ただ、それを理解することで、驚きとは違う、絶望が訪れる。先ほどもマリア様が言っていたが、運命が創られるということは、未来が定まるということだ。それは、このままでは必ず世界が滅ぼされることを意味している。
だったら、余計に分からない。
「運命なんてものに、たかが人間が抗える訳がない。だったら、リスクを犯してでも神が邪神を倒しに行くべきじゃないのか?」
『いいえ、逆です。神とは、いわば一つの概念です。どんな力を持っていても、運命を覆すことは出来ません。ですが、神とは違う人間なら、僅かではありますが可能性があります。大昔から、常識を疑問に思い、新たな概念を創り、全ての事象を定義する。それが人間が人間たる所以であり、運命すらねじ曲げる可能性を生み出した原因なのですから』
どうやら神は、定められた運命に逆らえないらしい。人間はそれとは違い、運命すらねじ曲げることが可能である、か。
これで人間が邪神を倒さなければならない理由は分かった。では、二つ目の質問をさせてもらおう。
「では、仮に俺が邪神を倒したら、なにが貰えるのですか?」
話題が変わったからか、自然と敬語に戻る。
この質問は、別に自分が得をするために言ったわけではない。というかもう殆ど好奇心だ。仮に「ありません」と答えられても、マリア様の頼みを断るつもりなんてないし。
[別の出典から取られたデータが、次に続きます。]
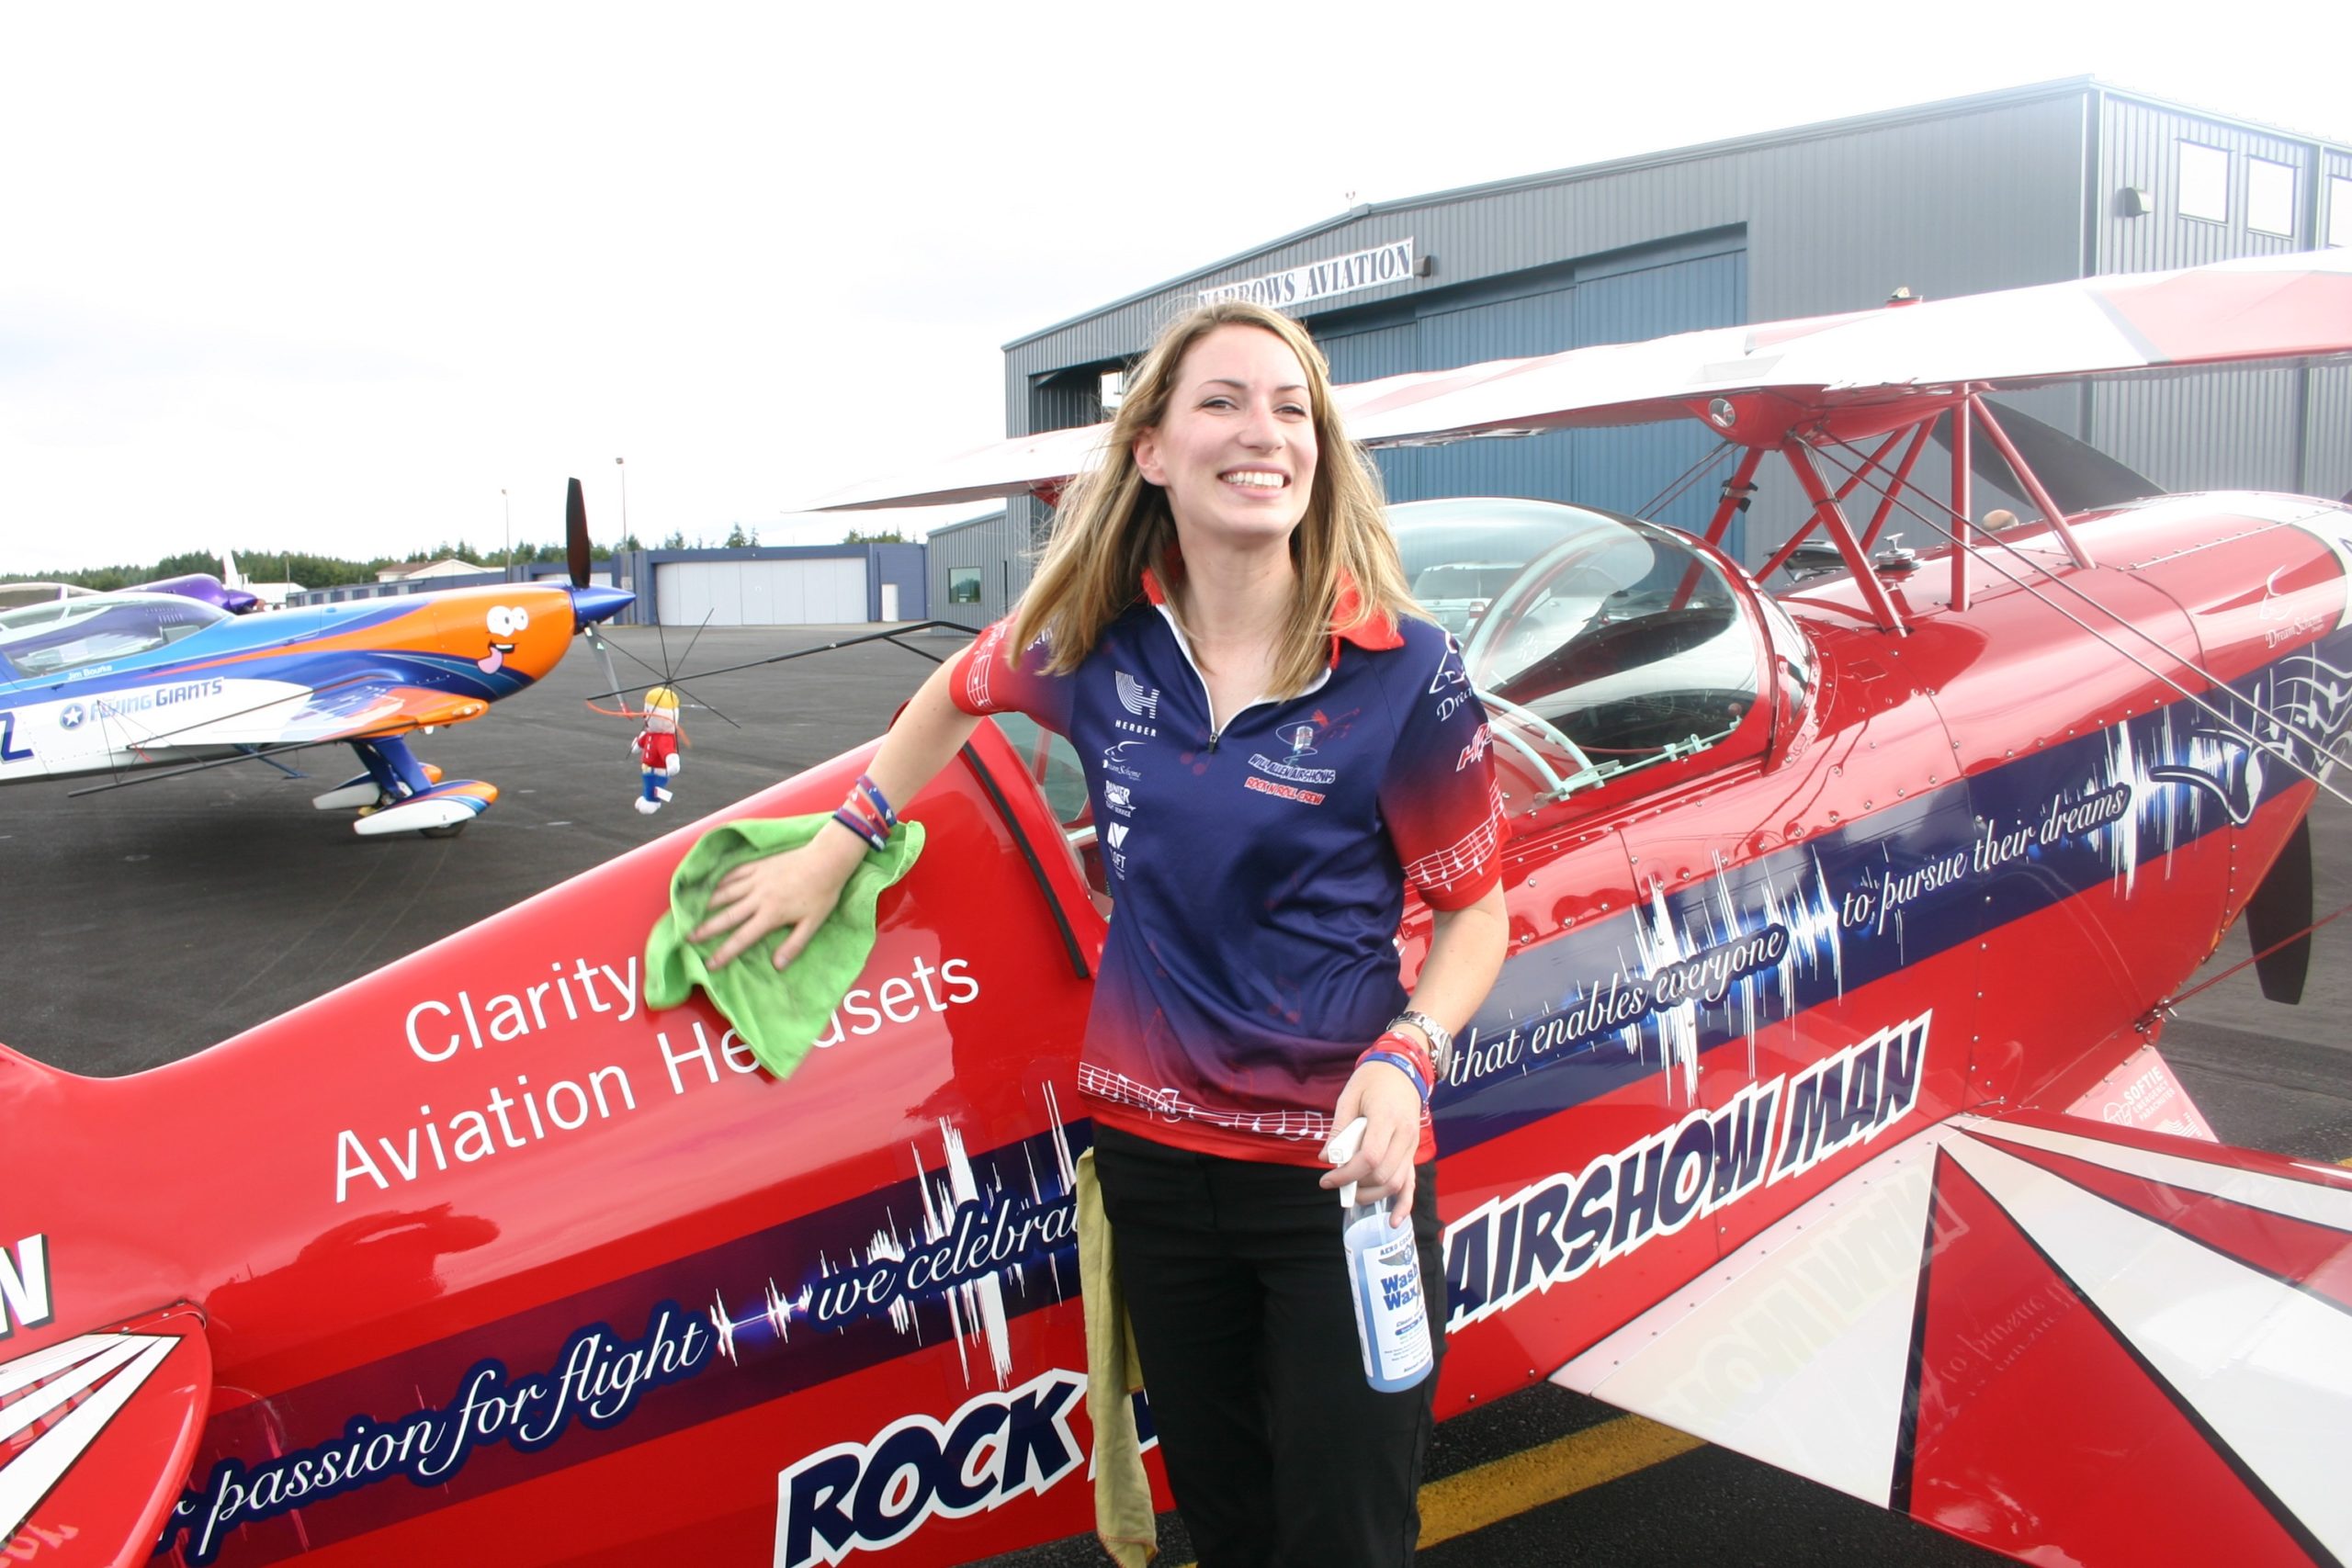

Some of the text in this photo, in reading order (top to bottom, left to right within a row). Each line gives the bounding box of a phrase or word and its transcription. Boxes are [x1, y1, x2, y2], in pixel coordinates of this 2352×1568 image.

[1305, 243, 1411, 298] AVIATION
[1244, 776, 1270, 792] ROCK
[1274, 784, 1298, 799] ROLL
[1296, 790, 1326, 806] CREW
[1248, 753, 1336, 784] WILL ALLEN AIRSHOWS
[1450, 1027, 1524, 1086] that
[1532, 973, 1649, 1054] enables
[1655, 931, 1784, 1003] everyone
[1840, 892, 1875, 927] to
[1878, 850, 1968, 935] pursue
[1973, 816, 2037, 873] their
[2041, 786, 2127, 846] dreams
[406, 955, 641, 1063] Clarity
[2123, 1066, 2164, 1106] SOFTIE
[334, 1062, 637, 1203] Aviation
[1445, 1009, 1932, 1334] AIRSHOW MAN
[1380, 1262, 1419, 1294] Wash
[1383, 1285, 1418, 1311] Wax
[198, 1419, 447, 1556] passion
[419, 1370, 547, 1475] for
[520, 1311, 708, 1441] flight
[819, 1268, 898, 1321] we
[774, 1367, 1088, 1568] ROCK
ただ、依頼があれば報酬もあるよなぁ、と思っただけだ。
『まず、邪神を倒した英雄として、貴方たちの名前が残されます。そして………』
一つ目の報酬は、地球的にいうと、教科書に名前が残ることらしい。だが、それは今の俺たちにはあまり報酬足り得ないだろう。なんか色々めんどくさそうだし。
となれば、次の報酬が本題か。
『二つ目の報酬は、貴方の望みを叶えることです』
望みを叶える?それなんて某七星の龍だよ。というか、望みって凄く抽象的だな。
「望みって、なんでもいいんですか?」
「うん。そうだよー。お金や地位以外でも、神になったり、自分だけの世界をもらったり、それと…………」
何故か、マリア様ではなくリエイトが答える。いや、こいつも神だから答える権利はあるのか。
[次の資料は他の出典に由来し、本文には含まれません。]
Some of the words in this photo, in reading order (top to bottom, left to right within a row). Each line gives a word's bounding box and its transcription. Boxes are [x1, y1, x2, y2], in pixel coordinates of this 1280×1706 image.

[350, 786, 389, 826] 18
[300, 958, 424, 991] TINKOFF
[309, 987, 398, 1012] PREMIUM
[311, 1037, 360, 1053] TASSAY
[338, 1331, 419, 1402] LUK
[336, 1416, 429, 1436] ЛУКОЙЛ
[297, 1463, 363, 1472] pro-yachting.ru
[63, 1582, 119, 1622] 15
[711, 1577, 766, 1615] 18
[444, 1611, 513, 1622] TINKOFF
そして、リエイトは、今の俺にとって衝撃的な言葉を発する。
『死者を甦らせることだって、できるのさ』
神の威厳を込めて発ったその言葉は、俺の心に突き刺さった。
それを理解した途端に俺は口を開く。
「分かりました。邪神討伐の願いは聞きます。ですが、俺の願いも聞いてもらっても良いですか?」
『はい。当然です』
『うん。いいよ』
どうやら、彼女たちは俺の願いを叶えてくれるらしい。
………正直、リエイトが言っていたことが本当かは限らない。願いを言っても断られるかもしれないし、それどころか、邪神を倒したあと、「願いを叶えるなんて言ったっけ?」と、とぼけられる可能性だってある。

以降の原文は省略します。